The version that will be voted on in the Senate on Tuesday will be the House-passed version, which Sen. Mike Johanns (R-Neb.) has introduced in the upper chamber; a 60-vote threshold is necessary for passage.
This is incredible for a host of reasons. First of all, throughout the last two years, we’ve seen the Senate pass a bill and then tell the House, “that’s the best we can do” and jam them with it. The House became almost an appendage to the Senate, with the Senate version of bills always taking precedence. Here we have the exact opposite, now that Republicans control the House.

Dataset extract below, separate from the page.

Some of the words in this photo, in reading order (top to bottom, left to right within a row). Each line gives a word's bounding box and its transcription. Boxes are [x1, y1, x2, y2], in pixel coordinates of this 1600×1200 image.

Second, you have a bill introduced by Mike Johanns getting a final vote over a bill introduced by Debbie Stabenow in a Democratic Senate.
Third, the pay-for that everyone will accept, then, will try to extract money from individuals who need help paying their health care bills, if their job situation changes even slightly in the middle of the year. Instead of rewarding good fortune and increased wages, this bill punishes it. And it makes the exchange subsidies less attractive. As Ezra Klein has said, this undermines health reform:
Under their proposed policy, a family with income at 225 percent of the poverty line who needed subsidies for the first half of the year but canceled them mid-year when the husband got a better job could get a bill for more than $4,500 at the end of the year.

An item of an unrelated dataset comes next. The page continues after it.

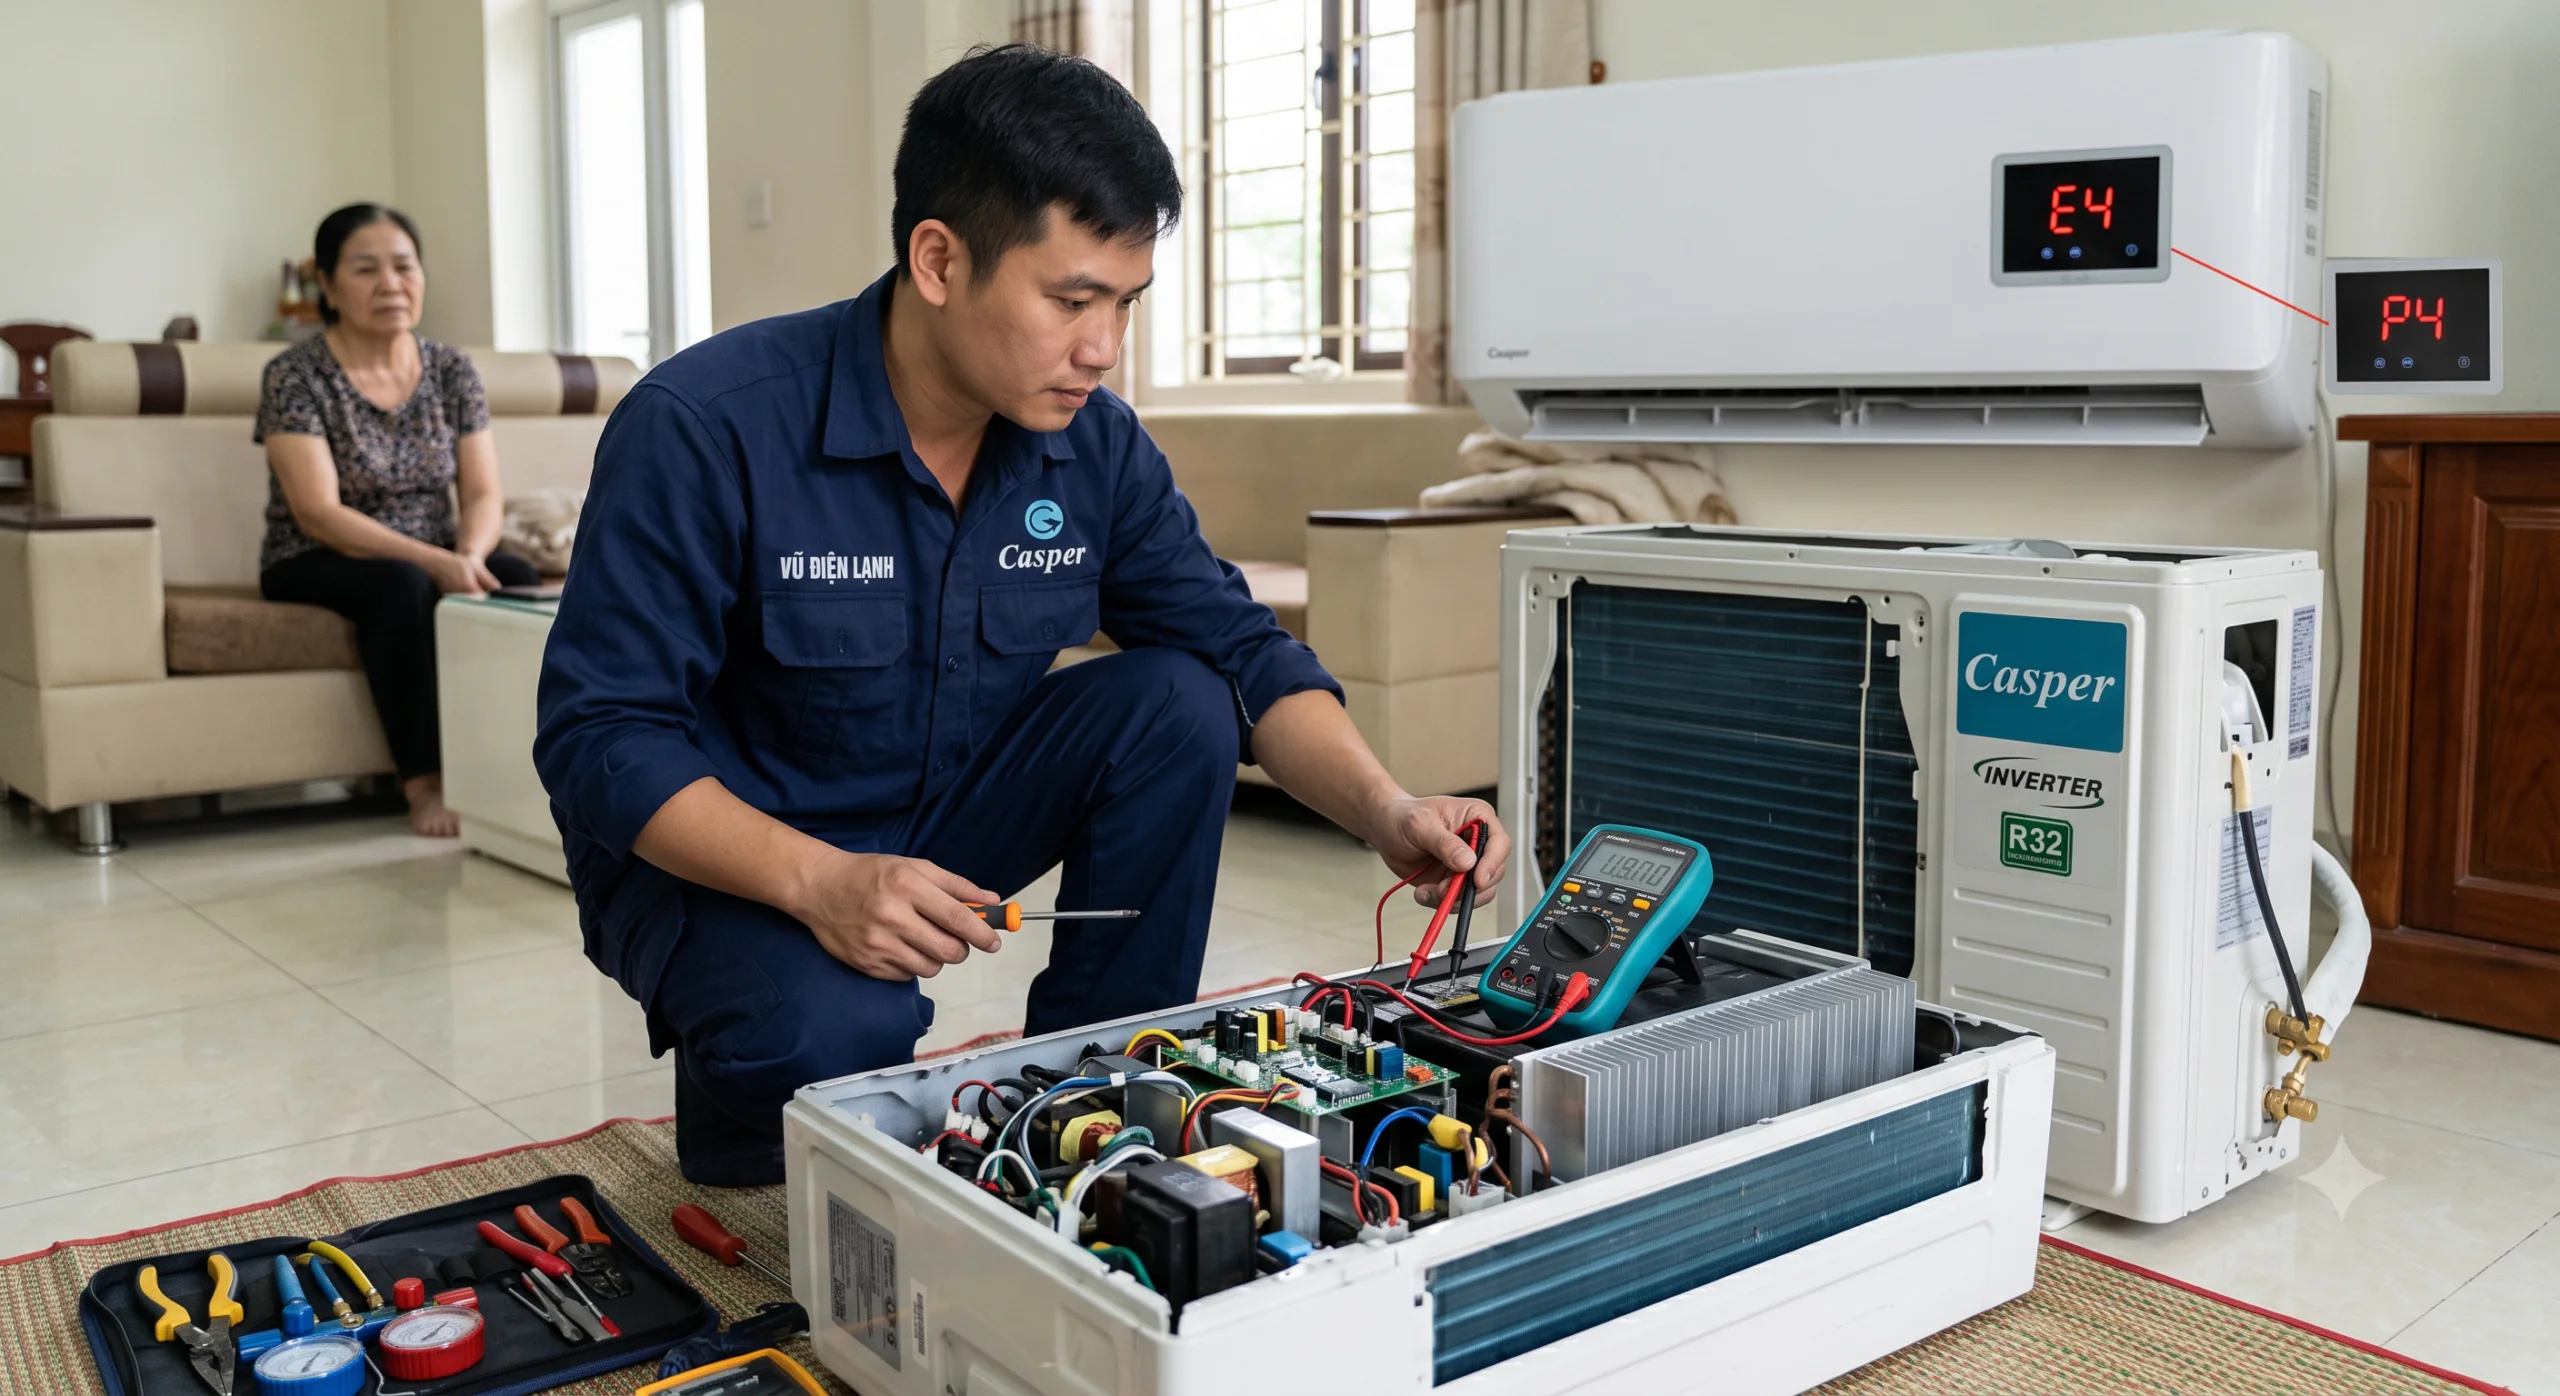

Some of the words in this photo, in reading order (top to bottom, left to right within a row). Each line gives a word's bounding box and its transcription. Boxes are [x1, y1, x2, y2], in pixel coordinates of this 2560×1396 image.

A more worrying example goes the other way: Imagine a family where the breadwinner makes much more than 400 percent of poverty, but loses his job late in the year. He tries to apply for subsidies so the family can keep getting health insurance but is told that he shouldn’t bother — because his total income that year will still be above 400 percent of poverty, he’ll get a bill at the end of the year forcing him to pay back the money.
The Affordable Care Act, unfortunately, already includes a “payback” policy along these lines — the House Republicans are just proposing to make it much, much worse. This will do two things: make people hate the Affordable Care Act for bait-and-switching them, and keep people from entering the exchanges because they’ve heard horror stories of huge bills. It’s clear why the GOP wouldn’t mind that outcome, but there’s no reason for Democrats to accept it.
They’re accepting it.
In fact, there’s only one safety valve, proposed by Sen. Robert Menendez (D-NJ). His amendment, which will get a vote today, would submit the offset, the forced repayment of exchange subsidies, to a study by the Department of Health and Human Services. This is a common delay tactic. If HHS finds that the offset would increase health insurance costs or coverage cuts for small business, the offset would be cancelled out. I think they’re looking at the wrong things in that study, but it could garner enough support to pass.
If it doesn’t, Democrats will help put a booby trap on the exchange subsidies today.